外交的で、価値基準が外に向いているタイプ
外交的なタイプの部下は、自分の属するチームを意識しています。チームワークを重視していることから、彼らの仕事がチームに与える影響や同僚が感じていることなど、チームに関連付けた叱り方が効果的です。

内向的で、自分の価値観を重視するタイプ
内向的なタイプの部下は、自分の価値観に沿わない意見に反発します。職場の常識ではこうだから、という叱り方では、反発したり、委縮したりすることがあるため、相手の価値観に合わせた伝え方をすることで、信頼関係を構築することができるでしょう。

叱るときの伝え方やタイミングも考える
感情的に叱ることは、良い方法ではありません。落ち着いて論理的に説明しながら叱ってください。相手になぜ駄目なのか、何がミスの原因なのかを納得させることで、類似ケースが起きた際のミス防止にもつながります。
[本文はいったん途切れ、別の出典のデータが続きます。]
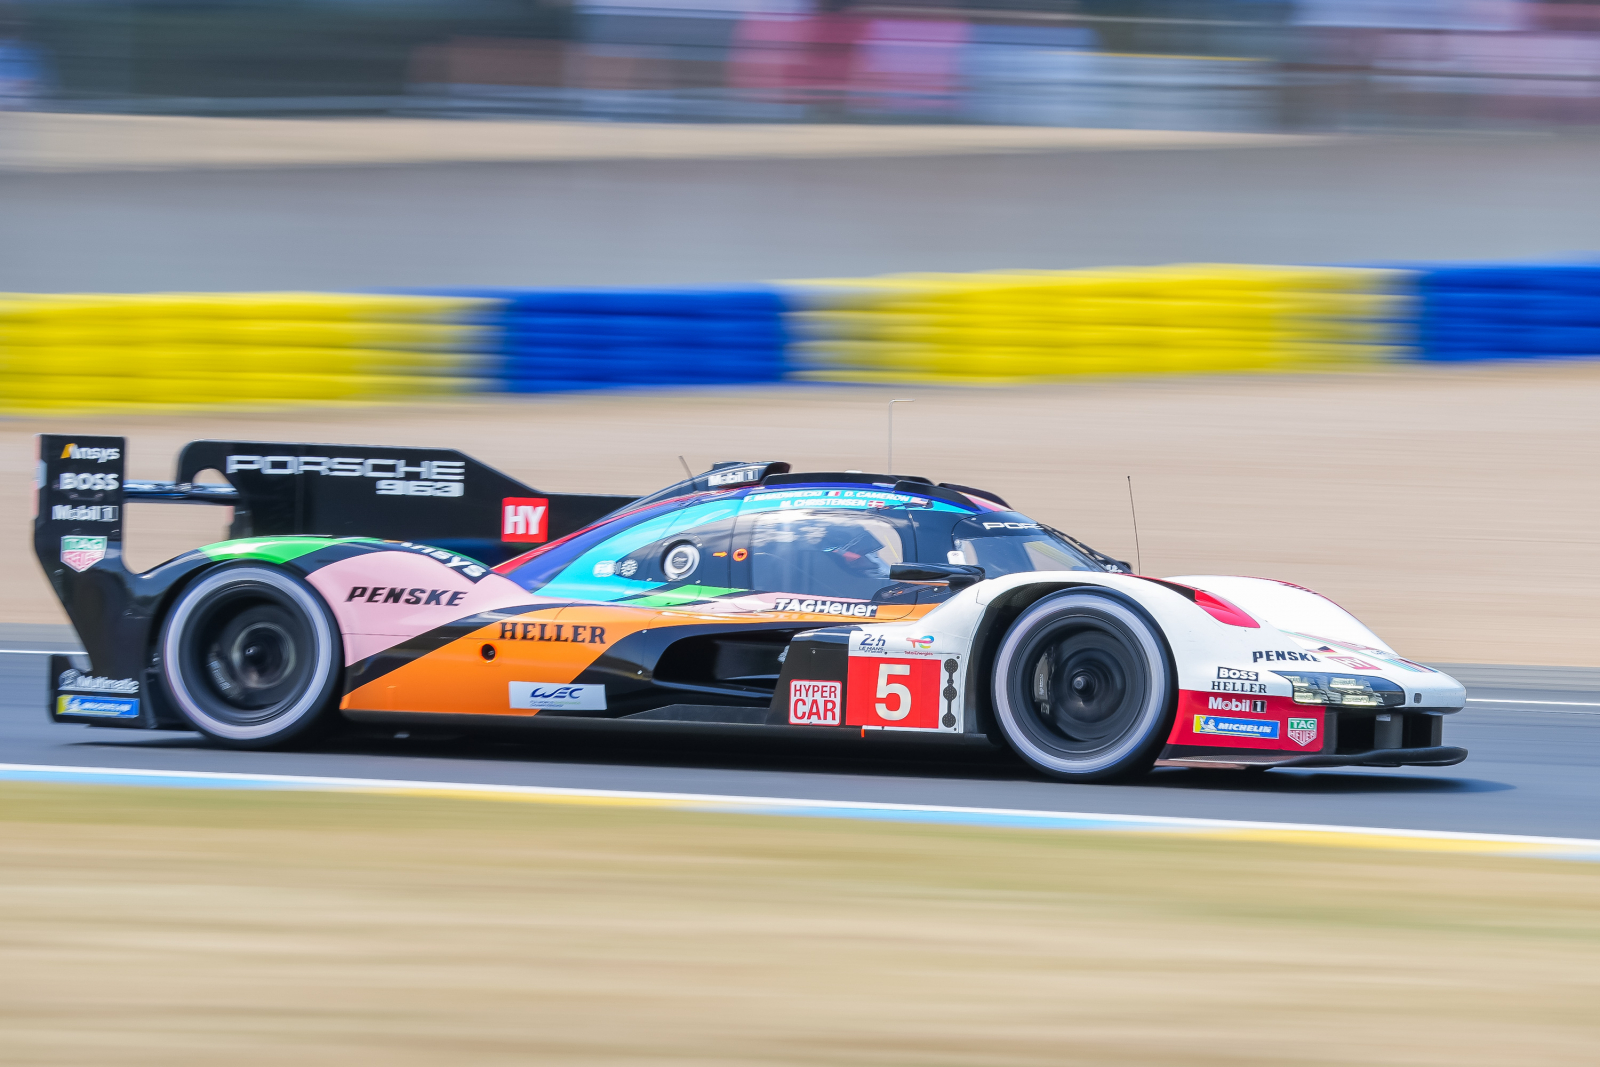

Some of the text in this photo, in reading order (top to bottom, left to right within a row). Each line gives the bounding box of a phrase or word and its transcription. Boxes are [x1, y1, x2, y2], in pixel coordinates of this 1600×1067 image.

[226, 455, 465, 480] PORSCHE
[59, 473, 119, 490] BOSS
[375, 480, 464, 497] 963
[794, 499, 866, 507] CHRISTENSEN
[856, 491, 910, 501] CAMERON
[503, 505, 546, 535] HY
[345, 586, 468, 606] PENSKE
[500, 621, 606, 644] HELLER
[1218, 668, 1258, 680] BOSS
[530, 687, 584, 699] WEC
[794, 684, 837, 699] HYPER
[875, 663, 912, 721] 5
[1211, 681, 1267, 693] HELLER
[793, 699, 836, 721] CAR
[1208, 697, 1250, 712] Mobil
[1217, 722, 1272, 733] MICHELIN
[1291, 720, 1315, 729] TAG
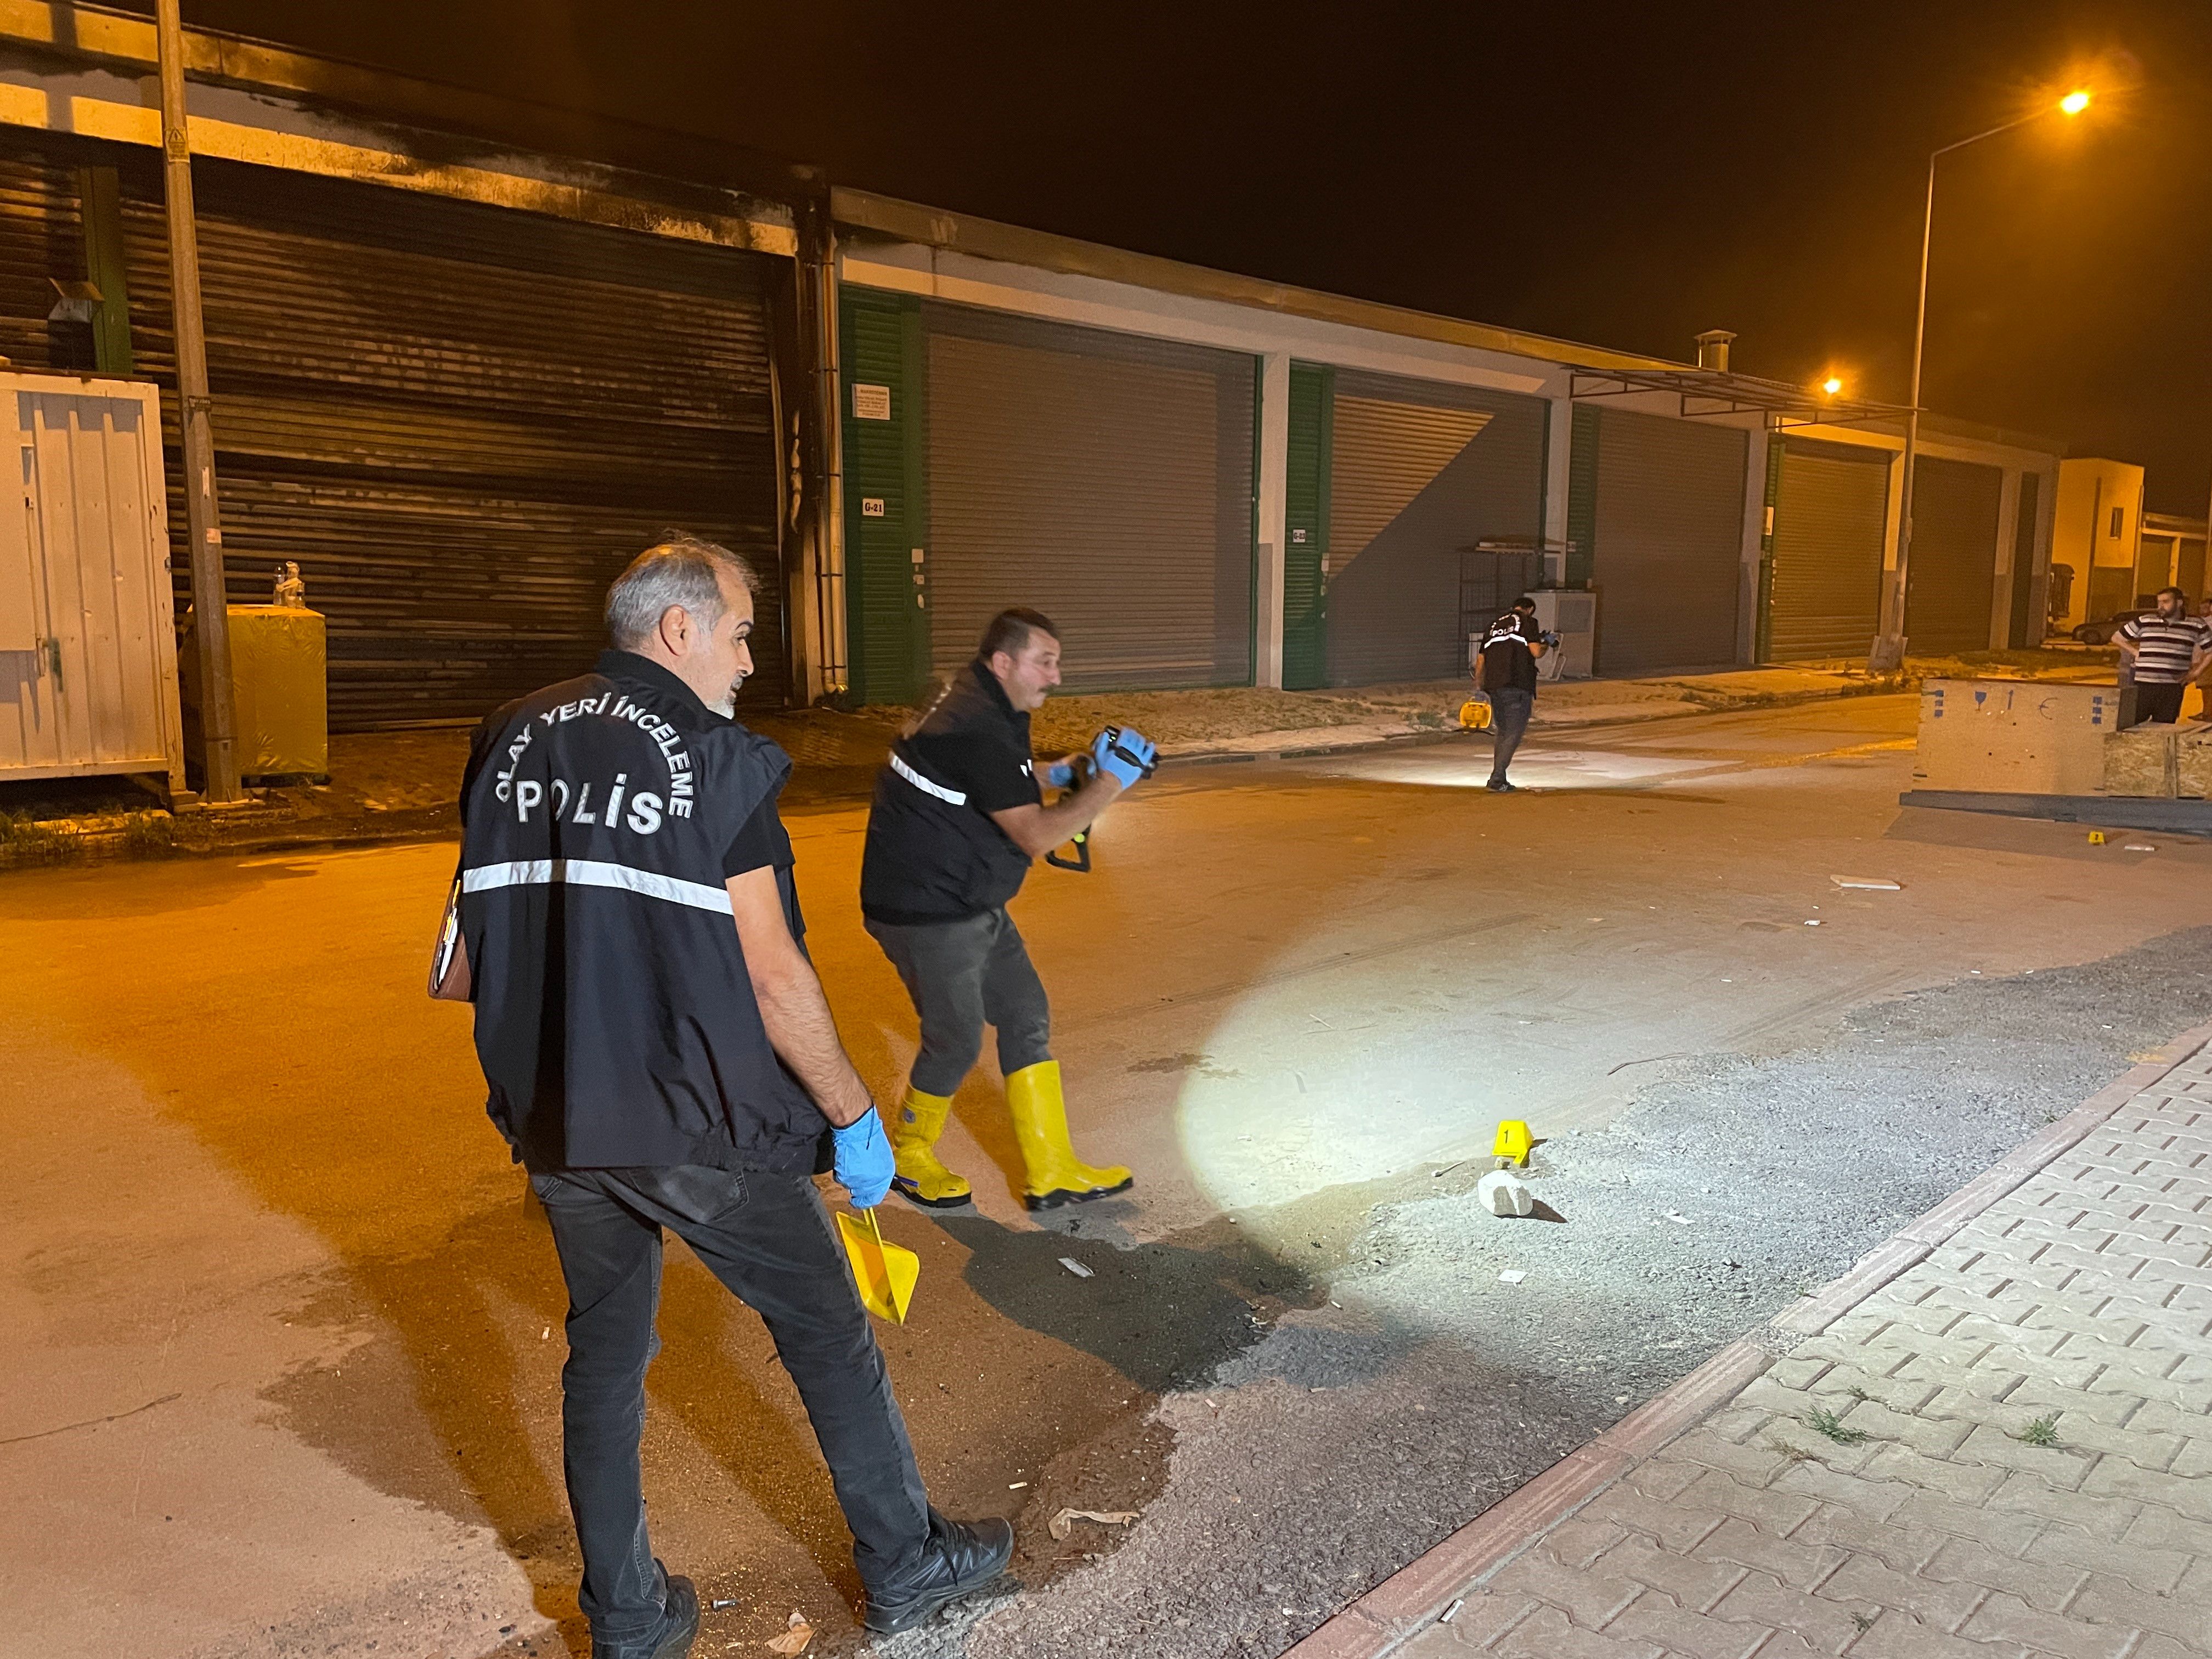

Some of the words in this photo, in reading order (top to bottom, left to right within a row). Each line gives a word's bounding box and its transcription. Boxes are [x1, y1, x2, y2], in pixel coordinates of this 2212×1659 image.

[865, 502, 882, 512] G-21
[495, 723, 532, 803] OLAY
[539, 692, 612, 727] YERİ
[611, 695, 694, 819] İNCELEME
[516, 773, 663, 835] POLİS
[1504, 1129, 1509, 1144] 1
また、叱るときは過去のミスをまとめて叱るのではなく、ミスが起きた都度叱ることが効果的です。ミスした記憶が鮮明なうちにすぐ叱ることで、叱られた内容の理解度が高くなります。また、ミスに対してすぐに対応することにより、部下は上司が自分を気にかけてくれているのだと感じ、上司の期待に応えようというモチベーションの向上も期待できます。

おわりに
どちらも同じことのように思いますが、叱ることと、怒ることは違います。ミスをいかに今後の成長につなげるか考えながら叱りましょう。
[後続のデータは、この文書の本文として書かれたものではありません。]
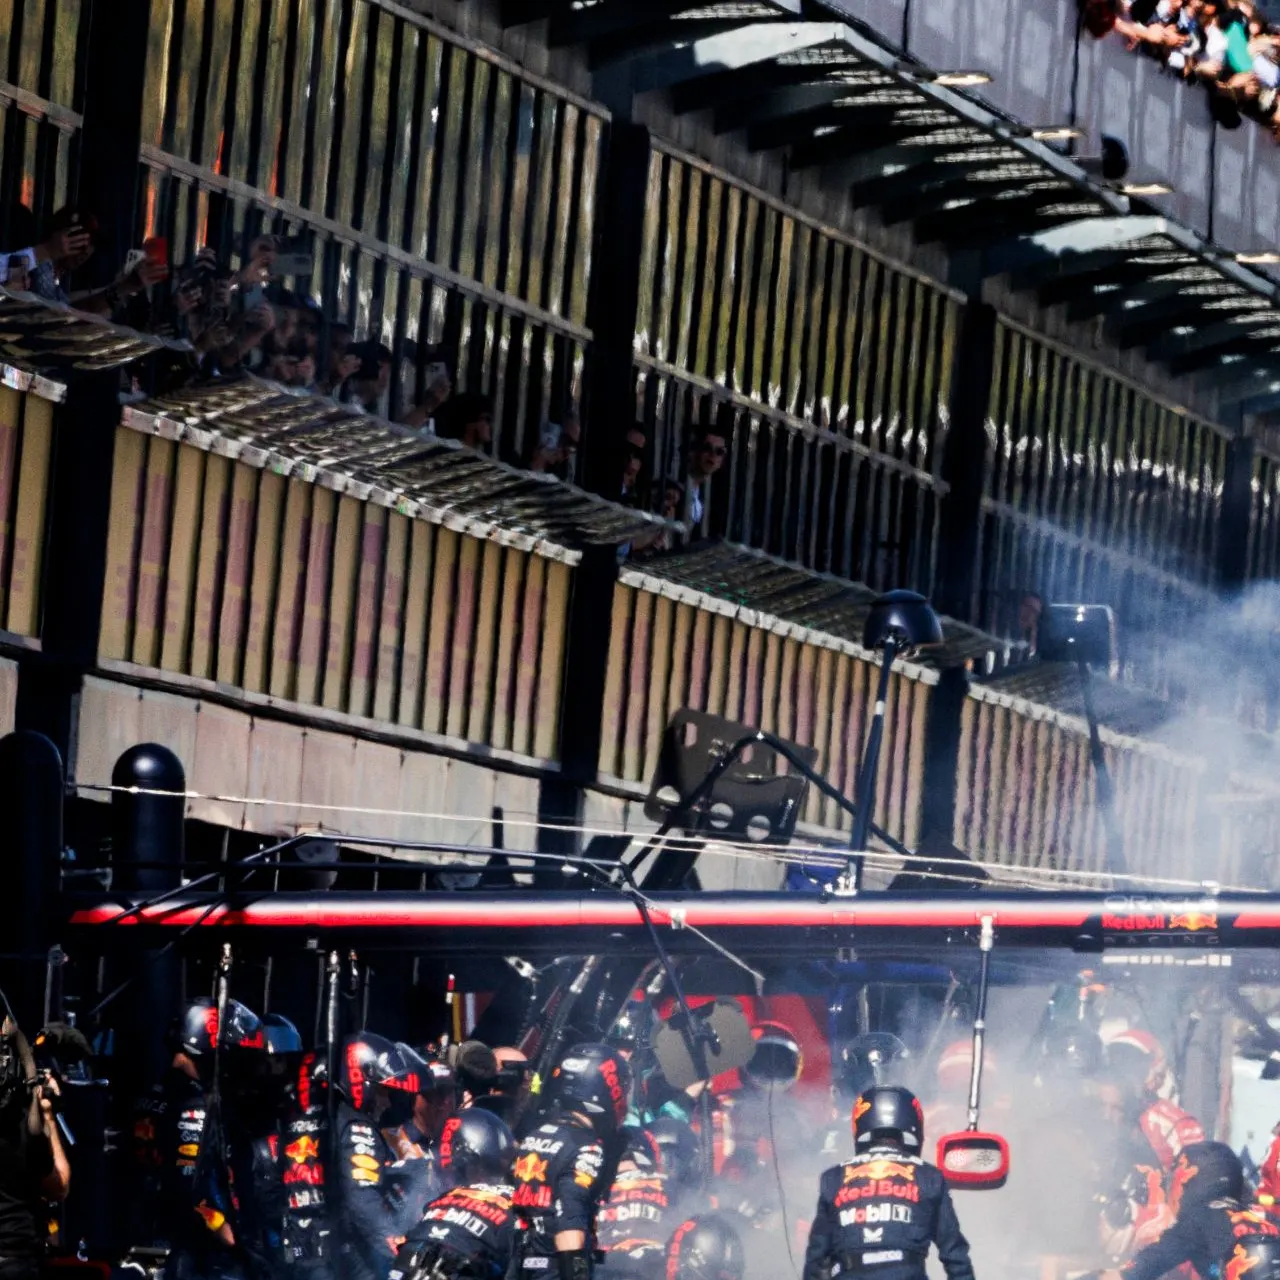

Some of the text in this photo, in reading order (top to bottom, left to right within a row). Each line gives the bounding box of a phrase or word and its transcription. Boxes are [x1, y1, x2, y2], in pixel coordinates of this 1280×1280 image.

[833, 1179, 920, 1208] Red Bull
[839, 1202, 892, 1227] Mobil
また、叱るだけではなく、適度に褒めることも大切です。自己判断による業務ミスを叱られて委縮し、指示待ち人間になってしまうことはよく聞く話です。できない部下を叱るだけでは、行動を制限し続けることになってしまいます。正しい行動については褒めて、彼らの行動指針を作っていくことで、自ら仕事に取り組める人材へと成長を促していきましょう。